WHAT IS NEEDED –
Output every record word for word, minus the pictures.

[Opening PROVIDED DATA section]

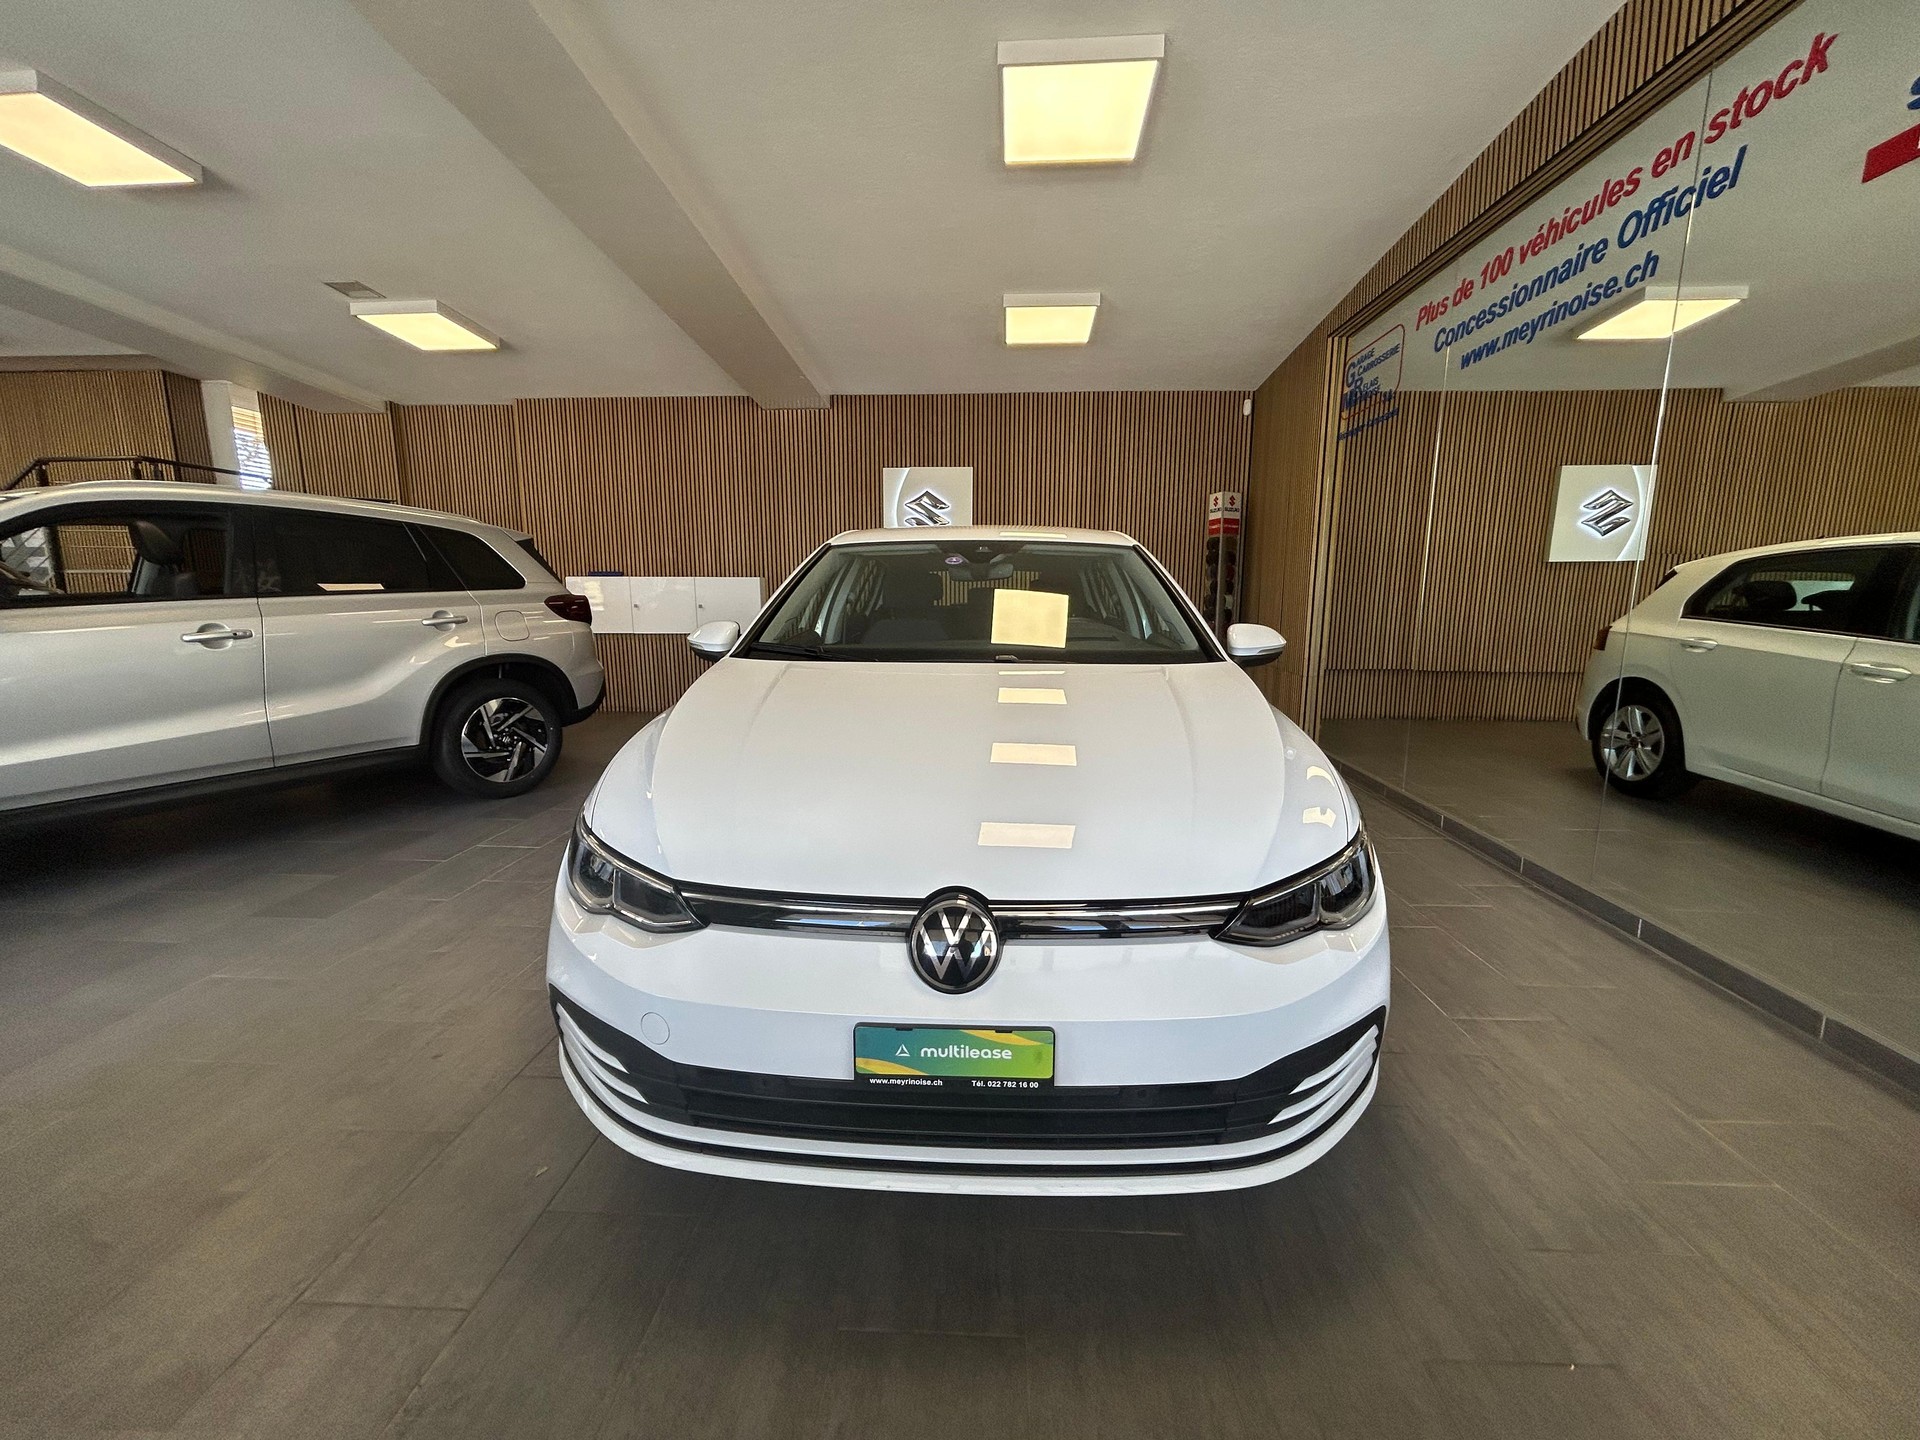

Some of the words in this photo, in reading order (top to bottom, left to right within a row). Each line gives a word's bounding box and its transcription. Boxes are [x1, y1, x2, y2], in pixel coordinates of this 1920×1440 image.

[1415, 296, 1450, 332] Plus
[1452, 277, 1475, 307] de
[1480, 246, 1515, 290] 100
[1519, 166, 1643, 265] véhicules
[1651, 131, 1696, 178] en
[1704, 32, 1840, 144] stock
[1434, 237, 1609, 353] Concessionnaire
[1617, 144, 1749, 249] Officiel
[1460, 249, 1660, 370] www.meyrinoise.ch
[869, 1077, 943, 1086] www.meyrinoise.ch
[920, 1044, 1013, 1060] multilease
[987, 1080, 1001, 1088] 022
[1029, 1081, 1039, 1089] 00
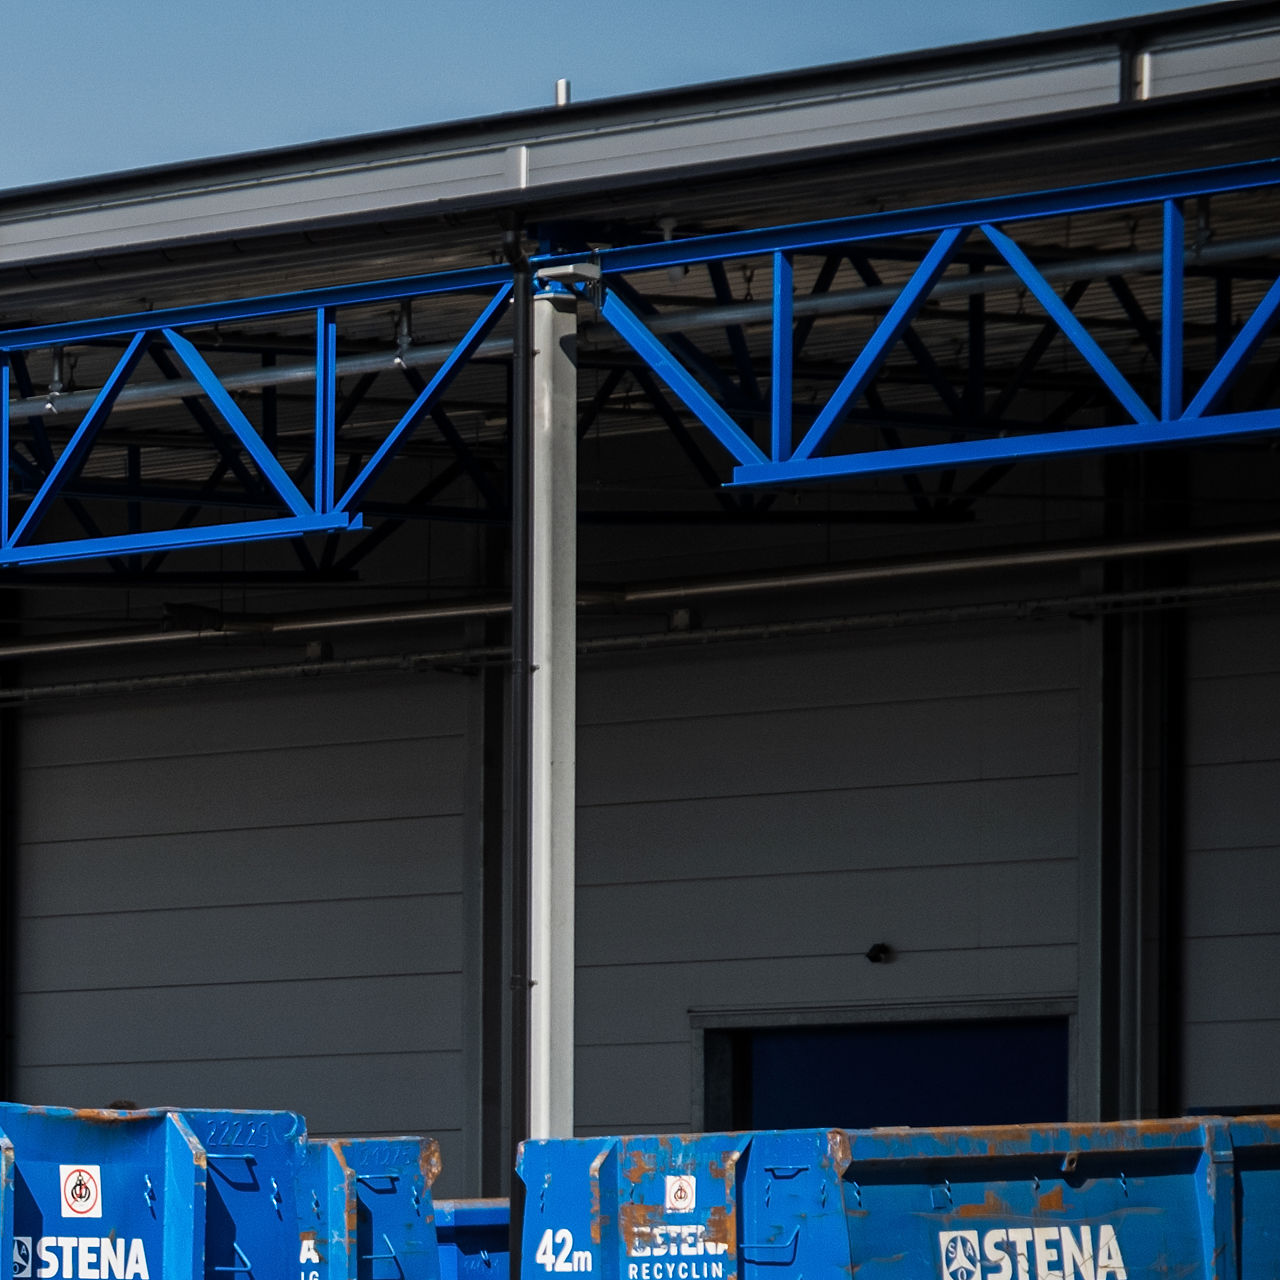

[Closing PROVIDED DATA section]

YOUR SOLUTION –
Some of the words in this photo, in reading order (top to bottom, left to right within a row). Each line gives a word's bounding box and its transcription. Boxes are [x1, y1, x2, y2], in pixel coordinates of this 1920×1440 image.

[1415, 296, 1450, 332] Plus
[1452, 277, 1475, 307] de
[1480, 246, 1515, 290] 100
[1519, 166, 1643, 265] véhicules
[1651, 131, 1696, 178] en
[1704, 32, 1840, 144] stock
[1434, 237, 1609, 353] Concessionnaire
[1617, 144, 1749, 249] Officiel
[1460, 249, 1660, 370] www.meyrinoise.ch
[869, 1077, 943, 1086] www.meyrinoise.ch
[920, 1044, 1013, 1060] multilease
[987, 1080, 1001, 1088] 022
[1029, 1081, 1039, 1089] 00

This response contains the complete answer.